Day after day, month after month, the labourers, sweating from the heat, tired from their grueling, monotonous work and hungry from not having eaten enough, chew on pieces of bitter, astringent kola nuts. Kola helps get them through their day in this small Gambian forest on the edge of West Africa. Sometimes they bring the nuts to work with them. Sometimes a local woman comes and sells them nuts while they sit in the shade of a large mampato tree. However they get them, they always have them.
Outside the forest on the bantaba, a raised platform made from wooden planks, the village men often sit chewing pieces of kola nuts while they exchange gossip, argue over football scores and discuss politics – both national and familial – while swatting away the ever-present mosquitoes and tsetse flies.

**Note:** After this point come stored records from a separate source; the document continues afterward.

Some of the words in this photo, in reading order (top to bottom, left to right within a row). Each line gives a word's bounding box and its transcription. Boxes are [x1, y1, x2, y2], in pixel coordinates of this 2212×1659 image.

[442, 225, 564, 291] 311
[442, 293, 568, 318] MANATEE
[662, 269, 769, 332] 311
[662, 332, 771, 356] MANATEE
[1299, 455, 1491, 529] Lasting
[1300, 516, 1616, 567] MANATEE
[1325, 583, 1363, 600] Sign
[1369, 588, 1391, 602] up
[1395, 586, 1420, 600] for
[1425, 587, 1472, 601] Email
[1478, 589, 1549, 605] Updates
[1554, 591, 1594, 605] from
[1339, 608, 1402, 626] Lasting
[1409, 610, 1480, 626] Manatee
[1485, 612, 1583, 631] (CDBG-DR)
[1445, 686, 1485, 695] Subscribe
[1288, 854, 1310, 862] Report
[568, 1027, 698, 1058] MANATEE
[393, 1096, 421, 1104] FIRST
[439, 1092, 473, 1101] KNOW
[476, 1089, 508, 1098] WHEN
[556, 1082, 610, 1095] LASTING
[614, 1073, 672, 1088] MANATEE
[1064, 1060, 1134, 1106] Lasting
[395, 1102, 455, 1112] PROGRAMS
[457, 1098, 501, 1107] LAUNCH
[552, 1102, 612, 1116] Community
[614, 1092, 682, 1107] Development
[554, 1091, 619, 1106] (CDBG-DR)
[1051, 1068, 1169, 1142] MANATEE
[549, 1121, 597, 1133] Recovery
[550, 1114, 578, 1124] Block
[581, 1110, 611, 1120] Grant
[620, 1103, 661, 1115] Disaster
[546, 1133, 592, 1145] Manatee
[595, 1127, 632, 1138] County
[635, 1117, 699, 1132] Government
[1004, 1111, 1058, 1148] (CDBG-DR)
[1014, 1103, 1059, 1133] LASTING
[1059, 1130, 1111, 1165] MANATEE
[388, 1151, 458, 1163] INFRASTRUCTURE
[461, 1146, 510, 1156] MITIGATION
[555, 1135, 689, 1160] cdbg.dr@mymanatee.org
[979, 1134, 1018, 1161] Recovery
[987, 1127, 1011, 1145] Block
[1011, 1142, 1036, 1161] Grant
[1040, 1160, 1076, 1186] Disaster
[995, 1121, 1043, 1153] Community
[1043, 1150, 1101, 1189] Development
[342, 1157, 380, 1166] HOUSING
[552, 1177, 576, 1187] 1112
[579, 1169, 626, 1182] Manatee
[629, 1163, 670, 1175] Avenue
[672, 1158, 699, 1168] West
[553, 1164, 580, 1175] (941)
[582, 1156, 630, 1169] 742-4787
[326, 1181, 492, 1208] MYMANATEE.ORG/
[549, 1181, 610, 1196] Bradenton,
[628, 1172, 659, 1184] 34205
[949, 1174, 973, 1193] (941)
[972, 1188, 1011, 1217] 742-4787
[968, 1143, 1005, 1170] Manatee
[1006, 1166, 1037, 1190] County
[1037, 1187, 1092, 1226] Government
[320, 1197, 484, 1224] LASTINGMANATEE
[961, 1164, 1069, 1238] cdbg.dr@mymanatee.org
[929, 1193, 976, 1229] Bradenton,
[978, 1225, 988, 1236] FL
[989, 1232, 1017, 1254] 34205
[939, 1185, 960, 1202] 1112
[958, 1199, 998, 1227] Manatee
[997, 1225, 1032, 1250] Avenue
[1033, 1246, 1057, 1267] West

The women, with infants strapped to their backs and heavy loads piled on their heads, put down their bundles and buckets and rest for a bit, but only a bit. Like the kola-chewing men, they too take part in this shared masticatory activity.
Sitting on the veranda of his house, a village elder accepts a kola nut from a local farmer who wants his approval on a financial dispute he is having with a neighbour.
An office worker having problems with his boss decides to visit a marabout, a combination of priest, sage, mystic, prophet and healer, for a ‘special juju to make his boss stop giving him a hard time’. Carrying a chicken and some kola nuts as offerings, he goes to seek advice and help.
A used-to-be-animist, now-Christian, says he has no need for stick Gods and jujus. He says ‘My church is my juju, but if I want to have especially good luck I will bring a kola nut to a fair-coloured old man or old woman who will say many “Amens” for me and I will get my luck’.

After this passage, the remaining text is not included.